Technology contracts cost of sales decreased $866,000, or approximately 36%,
from $2,403,000 for the year ended June 30, 2000 to $1,537,000 for the year
ended June 30, 2001. Technology contracts cost of sales as a percentage of
revenue was consistent year over year.
Operating and Other Expenses. Operating and other expenses decreased
$1,258,000 from $12,691,000 for the year ended June 30, 2000 to $11,433,000 for
the year ended June 30, 2001. Operating and other expenses as a percentage of
revenue decreased from approximately 52% to 47% for the year ended June 30,
2001. Of the Company's operating and other expenses, research and development
expenses decreased $1,882,000, or 36% from $5,306,000 for the year ended June
30, 2000 to $3,424,000 for the year ended June 30, 2001. Research and
development expenses decreased due to the commercial launch of polymer
rechargeable in June 2000, which shifted costs to cost of sales. Selling,
general and administration expenses increased $624,000, approximately 8%, from
$7,385,000 for the year ended June 30, 2000 to $8,009,000 for the year ended
June 30, 2001. Selling and marketing expenses increased as a result of new sales
people added to significantly enhance the Company's overall market coverage.
Other Income (Expense). Net interest income decreased $743,000 from
$909,000 for the year ended June 30, 2000 to $166,000 for the year ended June
30, 2001. The decrease in interest income is the result of lower average
balances on cash and investment securities that were used for operations. The
equity loss of $2,338,000 in Fiscal 2001 and $818,000 in Fiscal 2000 resulted
from the Company's ownership interest in its venture in Taiwan. The increase in
the equity loss includes compensation expense related to a stock distribution to
UTI employees totaling $2,500,000. The Company recognized approximately $900,000
equity loss for the transaction representing its share of the total UTI expense.
The gain on sale of securities of $3,147,000 in fiscal 2000 resulted from the
sale of the Company's investment in Intermagnetics General Corporation common
shares. No similar sale of securities occurred in 2001.
Net Losses. Net losses increased $7,020,000, or approximately 69%, from
$10,242,000, or $0.94 per share, for the year ended June 30, 2000 to
$17,262,000, or $1.55 per share, for the year ended June 30, 2001, primarily as
a result of the reasons described above.
25
Liquidity and Capital Resources
As of December 31, 2002, cash equivalents and available for sale
securities totaled $1,324,000, excluding restricted cash of $50,000. During the
six months ended December 31, 2002, the Company used $3,111,000 of cash in
operating activities as compared to $5,534,000 for the six months ended December
31, 2001. Cash used in operations in the six months ended December 31, 2002 was
mainly the result of the Company's operating loss, net of non-cash items such as
depreciation. Also during the six months ended December 31, 2002, inventories
rose $1,180,000 due to the increased production activity for the recent military
orders.

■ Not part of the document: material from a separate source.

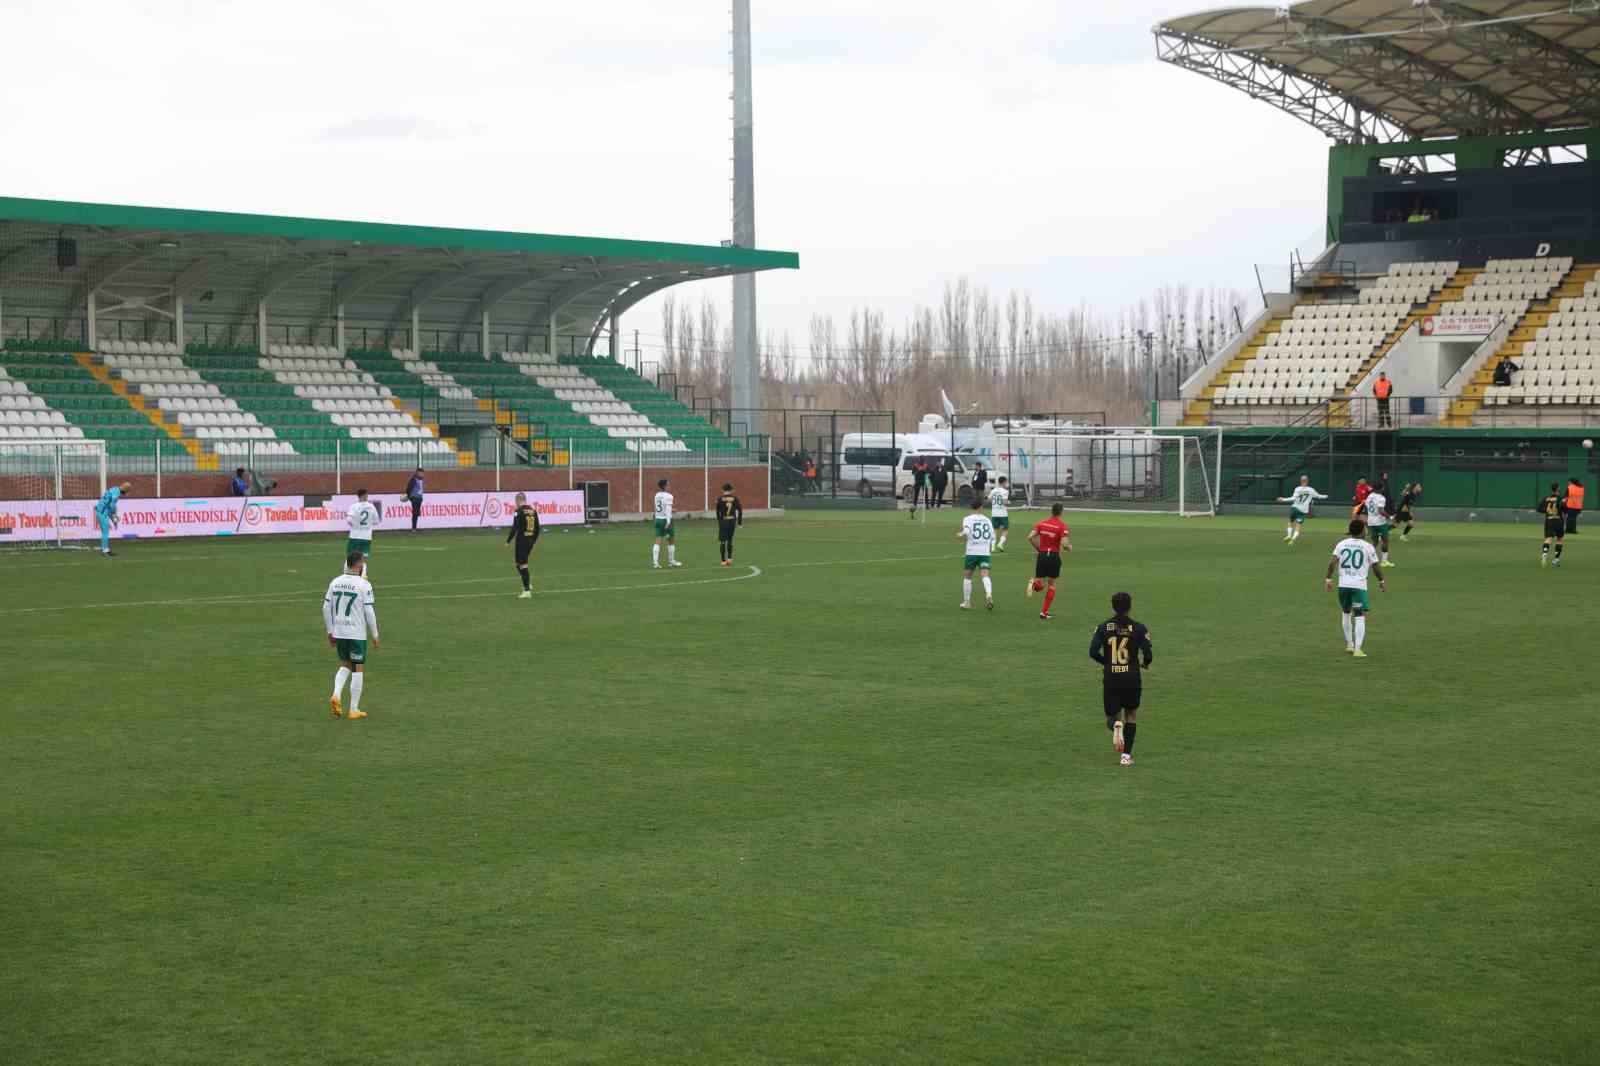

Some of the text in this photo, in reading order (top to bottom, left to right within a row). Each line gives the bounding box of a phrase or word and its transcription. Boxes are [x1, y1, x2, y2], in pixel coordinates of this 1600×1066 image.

Compared with the six months ended December 31, 2001, cash used in
operations declined $2,423,000 primarily as a result of decreasing operating
losses net of depreciation. In the six months ended December 31, 2002, the
Company used $341,000 to purchase plant, property and equipment, a significant
decrease from the $1,538,000 expended in the same period a year ago.
Months cost of sales in inventory at December 31, 2002 was 1.9 months as
compared to 2.3 months at December 31, 2001. This metric is indicative of the
Company's continuing focus to improve purchasing procedures and inventory
controls. The Company's Days Sales Outstanding (DSOs) was an average of 58 days
for the last six months of 2002, compared with an average of 54 days for the
same six-month period in 2001. This modest slowdown in collections is mainly
attributable to general economic conditions, as well as increased business with
non-U.S. customers who typically have more favorable payment terms and take
longer to pay than the U.S. customers.
At December 31, 2002, the Company had a capital lease obligation
outstanding of $103,000 for the Company's Newark, New York offices and
manufacturing facilities.
As of December 31, 2002, the Company had made commitments to purchase
approximately $881,000 of production machinery and equipment.
In June 2000, the Company entered into a 3-year, $20,000,000 secured
credit facility with a lending institution. The financing agreement consisted of
an initial $12,000,000 term loan component and a revolving credit facility
component for an initial $8,000,000 based on eligible net accounts receivable
(as defined) and eligible net inventory (as defined). The amount available under
the term loan component amortizes over time. Principal and interest are paid
monthly on outstanding amounts borrowed. Initially, $4,000,000 was borrowed
under the term loan component in June 2000, and this amount is being repaid over
a five-year period. Debt issue costs amounting to $198,000 were incurred in
connection with the initiation of the agreement and are being amortized over the
term of the loan.
In December 2000 and June 2001, the Company and its commercial lender
agreed to revise downward the adjusted net worth covenant to better reflect the
Company's equity position at that particular time. In October 2001, this lending
institution informed the Company that its borrowing availability under its
$20,000,000 credit facility had been effectively reduced to zero as a result of
a recent appraisal of its fixed assets. In February 2002, the Company and its
primary lending institution amended the credit facility. The amended facility
was reduced to a total of $15,000,000, mainly due to the reduction in the
appraised valuation of fixed assets that limited the borrowing capacity under
the term loan component, as well as to minimize the cost of unused line fees.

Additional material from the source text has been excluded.